Jerkwater Towns in Richland County

So maybe somebody said you came from a jerkwater town and maybe that sounds like an insult to you.  But probably neither one of you knows where the expression came from, and how wrapped up it is in the early railroading lore of American History.  And how, after all, it might not be such a bad thing.

Because nearly every village in old Richland County started as a jerkwater town.

The Water Part

There were four major railroad lines that ran through Richland County, and two minor ones, and all of them began their careers behind steam locomotives.

Steam equals water plus heat.  The heat was primarily coal, burning in a firebox in the locomotive.  The water came from stops all along the tracks, where tanks or ponds kept a supply waiting for engines that were running dry.

These tanks were elevated above the engines, and each had an arm that swung out over the locomotive, made of pipe, to connect train to water tower.  In order to start the water flowing through the pipe, the engineer had to grab a chain give it a little jerk.

Consequently, in railroad jargon, any town where the train stopped to load up like this was a “jerkwater.”

The trains had to come to a standstill while this was going on, and passengers naturally wanted to get out and take a look around.  And, most often, there was not much to see at the site of the water tower, and certainly nothing to do except listen to the glug glug of the locomotive chugging water.
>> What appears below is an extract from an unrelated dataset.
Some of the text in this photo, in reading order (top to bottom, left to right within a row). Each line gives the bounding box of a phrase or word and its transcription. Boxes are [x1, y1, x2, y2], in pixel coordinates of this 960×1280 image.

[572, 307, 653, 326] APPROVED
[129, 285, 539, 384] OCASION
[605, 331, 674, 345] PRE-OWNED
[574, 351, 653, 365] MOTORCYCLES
These little crossroads, having very little diversion for tourists, came to be known as jerkwater towns.

Our Tracks

Plymouth, Shiloh, Shelby, Vernon Junction, Ontario, Alta, Mansfield, Lexington, Bellville, Butler, and Lucas—these were all jerkwater stops.

As locomotives evolved throughout the 1800s they could go farther between water breaks, but the original lines—dating back to 1848 in Richland County—had water stops every 10 miles.
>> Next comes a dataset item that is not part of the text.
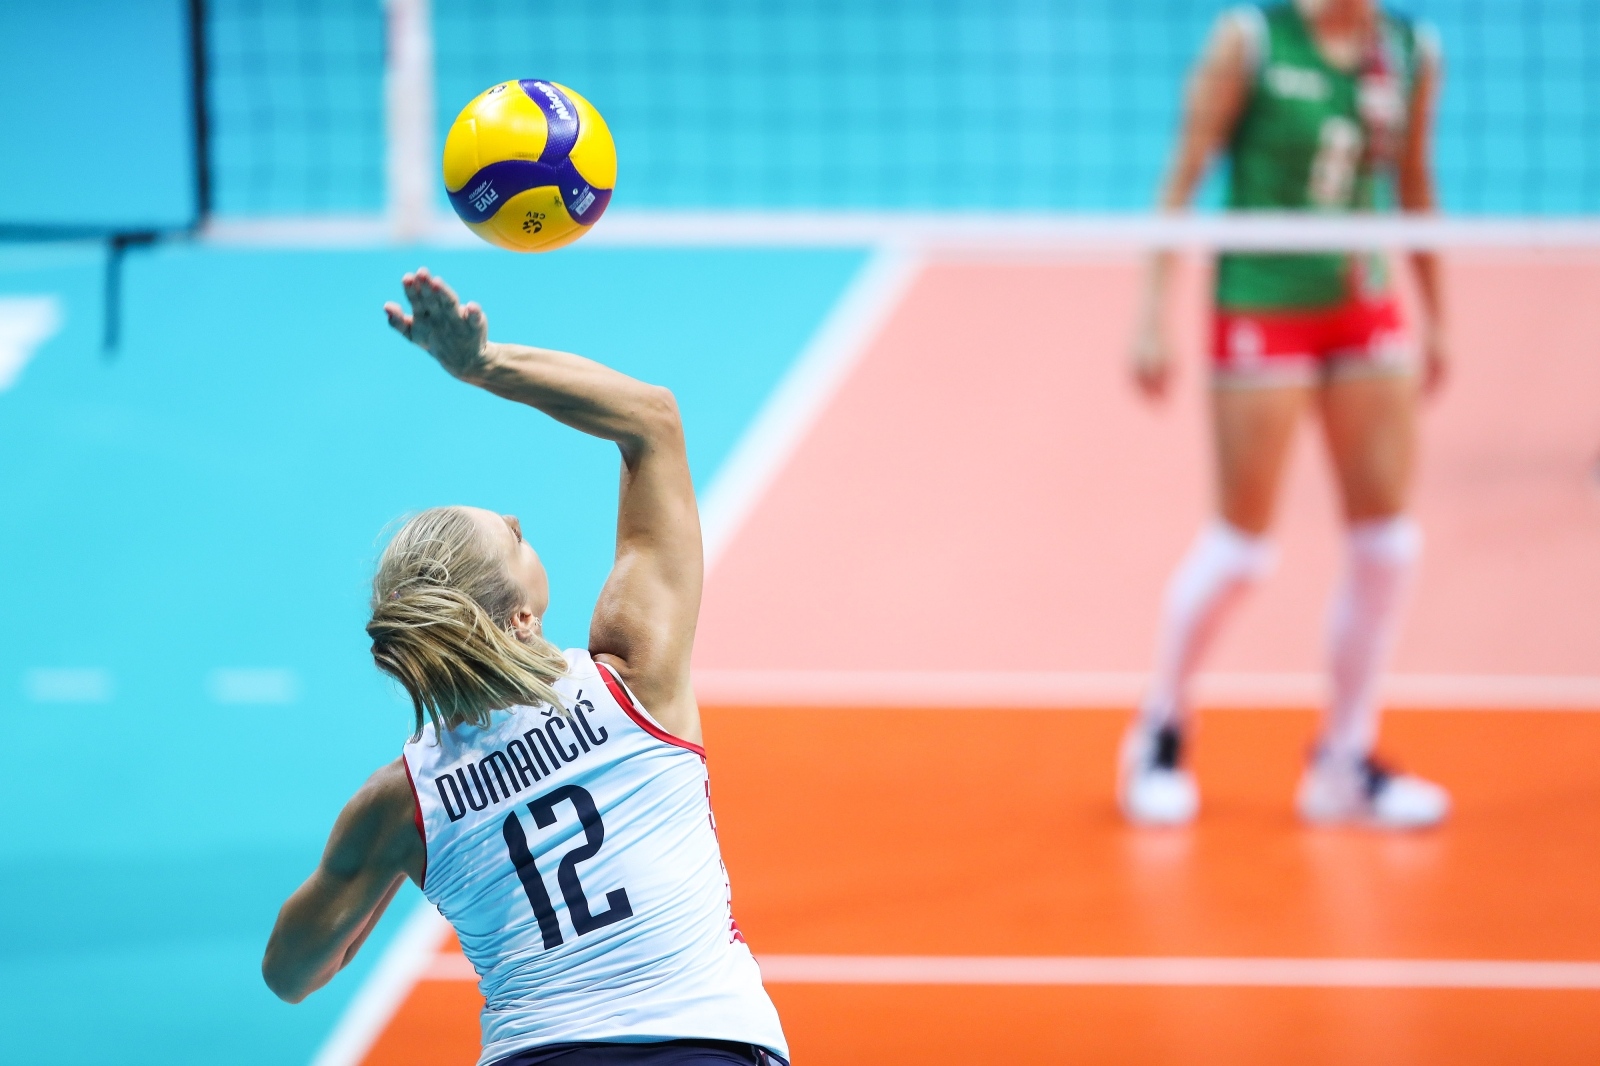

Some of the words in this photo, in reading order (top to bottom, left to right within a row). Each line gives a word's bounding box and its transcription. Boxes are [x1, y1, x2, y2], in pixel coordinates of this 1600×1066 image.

Sometimes the Conductor of the train—the man who conducted the business of the railroad and kept the train on schedule—wanted to avoid stopping at any town where passengers might be tempted to get off and delay proceedings, so they devised pit stops out the middle of nowhere.  These were the true jerkwaters.

There was one such a stop just north of Mansfield on the B&O—near the Reformatory—where a pond of water still exists today that once provided drink for steam engines.

Into History

The railroad water towers, once a familiar sight in small towns, are nearly all vanished today.  Diesel-powered trains pretty much did away with steam locomotives in the 1940s and 50s, though steamers still ran on the B&O tracks until the 60s.

Sometime about 45 years ago—when the last steam locomotives passed through here—Richland County officially ceased to be a place of jerkwater towns.

The railroad water tower in Plymouth was clearly a source of civic pride in 1896 when this photo was made.

Notice on the right side of the water tank where the spigot-arm can be lowered to supply water for steam-powered locomotives.
The B&O water tanks in Butler can be seen in the distance in the picture above from 1913. The B&O track from Butler north to Alta was all uphill -rising from 1070’ to 1292’ over 15 miles of track- requiring extra steam, and therefore extra water.
The B&O water towers in Lexington were located across the tracks from the depot on East Main Street. They are prominent in the background of the picture below taken around 1909.
This railroad map from 1900 shows Richland County crossed by four major railroads. Though they changed names through the years, these are known familiarly as the Erie, The Pensnsylvania, the B&O, and the Big Four (New York Central)
The boiler part of the steam locomotive is the large, cylindrical tank in front of the windowed car.

The steam locomotives began towing a water tender car behind the locomotive that could hold up to 10,000 gallons for the engine, making it possible to go much farther between water stops.
This photo shows the water tower at the B&O station in Mansfield on Springmill Street. A careful look shows that the water was supplied to trains by a special pipe that rose out of the ground between the tracks that could be swiveled to either side.
A harsh winter always brought certain logistical difficulties to railroad water tanks. This tower, at the B&O station in Mansfield on Springmill Street, was photographed in the 1890s.
A little pond on land adjacent to the Reformatory grounds north of Mansfield (seen below) served the B&O Railroad as a water stop at OSR for many years. The B&O paid for the water, providing a small income for the owner of the land, who was Phoebe Wise–a well known and loved local character.